The series had, by then, already greatly expanded the cast beyond what it had been, and there were a bunch whose names I never learned and didn’t care to either. But Haggar/Honerva wasn’t as interesting a villain as Zarkon or Lotor. Zarkon had the sort of unstoppable and implacable aura around him. Lotor was the charming guy you wanted to punch in the teeth before he revealed what a big time sociopath he was to the heroes (it was always obvious to the audience). Honerva? She was cray-cray because she couldn’t have her husband and son with her.
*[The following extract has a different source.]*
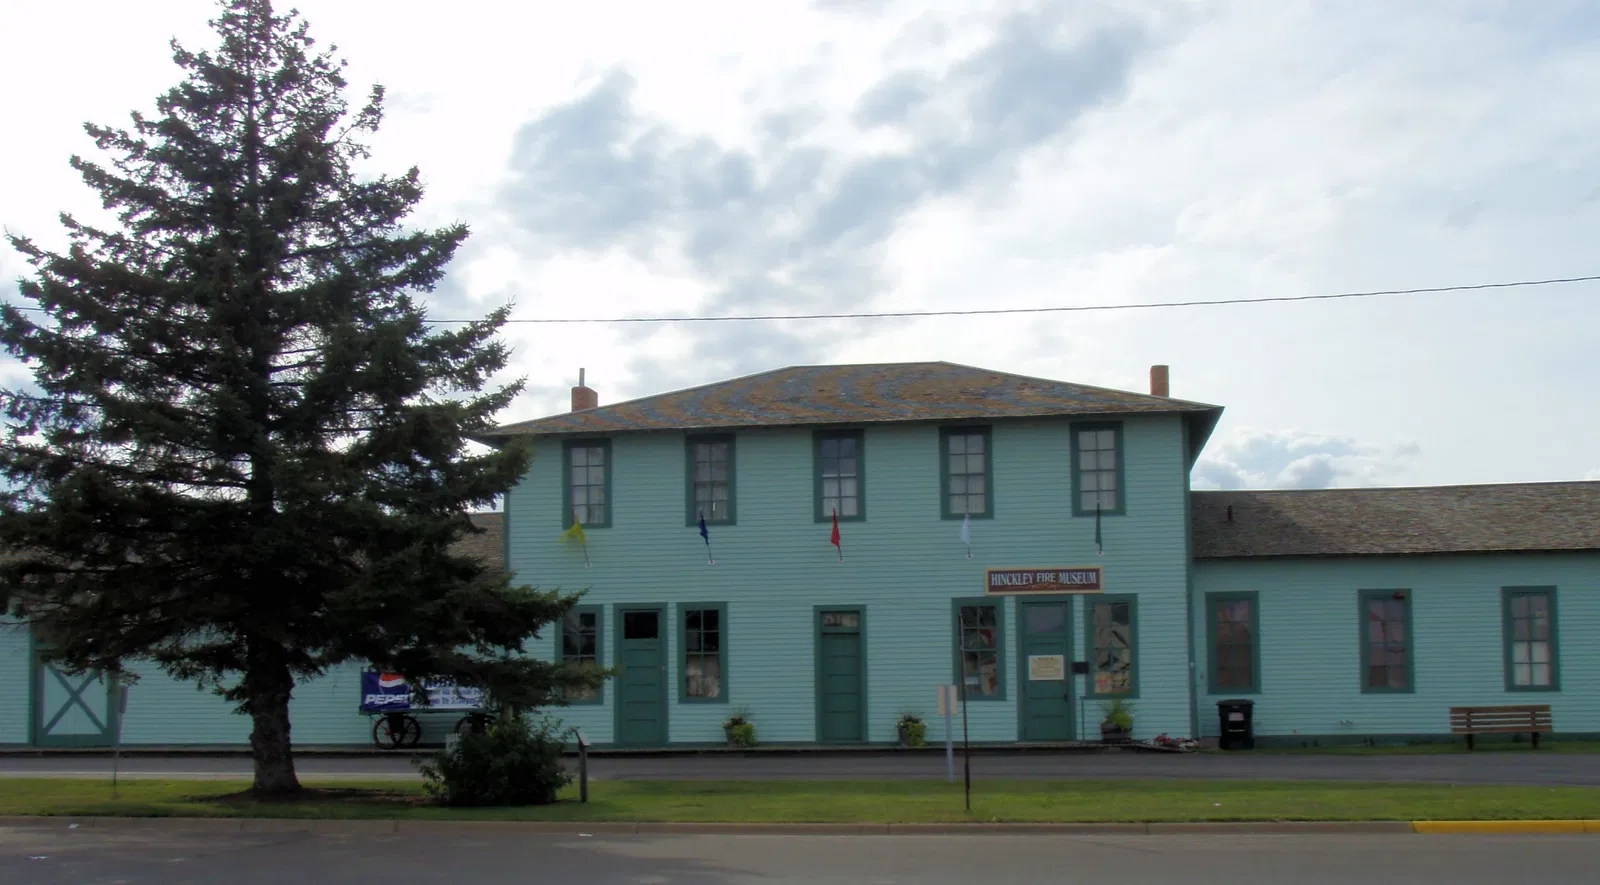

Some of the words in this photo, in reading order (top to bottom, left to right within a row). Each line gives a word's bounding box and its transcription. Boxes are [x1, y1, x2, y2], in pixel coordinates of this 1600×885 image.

That seems…a wee bit sexist that it was the female villain who went that route. Then again, she didn’t get much time to develop as a main villain. She was always there, but she was likewise never in the spotlight as the true source of the series’s villainy. That could have been different if the series hadn’t screwed around with silly or stupid episodes for so much of season eight. One somewhat experimental or bizarre episode out of every 13 or so is one thing. Five or six in a row in the final batch is something else. By the time Voltron and the Atlas finally caught up to her, I didn’t much care anymore.
By the by, when Voltron and the Atlas merged with each other, what happened to the rest of the Atlas‘s crew? Suddenly it’s only Shiro there? I know why, storywise, they want Shiro and not all those other characters whose names I never learned hanging around, but still.
So, in the end, Allura and Honerva sacrifice their lives to save the multiverse, including bringing back both Altaea and the Galra homeworld. And then, with just under ten minutes left, we get the surviving characters meeting up for a laugh and a dinner before the Lions just fly off into space because apparently they’re more sentient than I thought they were. You know what would have gone better? Making the dinner thing a separate episode to wrap things up instead of slamming it into the last eight minutes of a 22 or so minute episode and leaving the final battle for a full episode. Sure, this series’s last battle was accomplished without blowing things up, but Voltron itself seemed to be consistently outmatched by most robots its size anyway. And then we get the Animal House-style “what happened next” that at least included the cow and Shiro marrying some dude I don’t think I’d ever seen before.
If they did one less silly episode and did the epilogue by-itself plan I just mentioned, they could have expanded those scenes to something more than some still shots with some text. Or even had an extra long finale. Those aren’t out of the question, are they?
Anyway, I am glad this is over. Seven seasons I generally liked followed by one I didn’t.
Wait, did I just describe Voltron or Game of Thrones?
Nah, I didn’t mind the last season of GoT that much. If anything, it had the opposite problem of trying to rush through everything. Normally, I give a lot of leeway for final episodes since they’re rough to pull off even for the best of shows. But Voltron didn’t seem to get much of anything right in its final season. GoT got at least two of its six final episodes right.
Damn, that’s harsh judgment for what was probably intended as a family friendly sci-fi adventure series. Still, let’s say this one got 7.5 out of 10 Vehicle Voltron hints.
But now I need something else for Wednesdays. Wednesdays are usually, with Thursday, the day of the week where I go for something that ran for a while so I don’t have as much changeover. And there is one show that, Batman fan that I am, I have not covered for some reason.
So yeah, we’re goin’ down to Gotham.
I didn’t get past the pilot the first time, and Jimmy Impossible seemed to vouch for the show. If I don’t like it, I guess it’s his fault.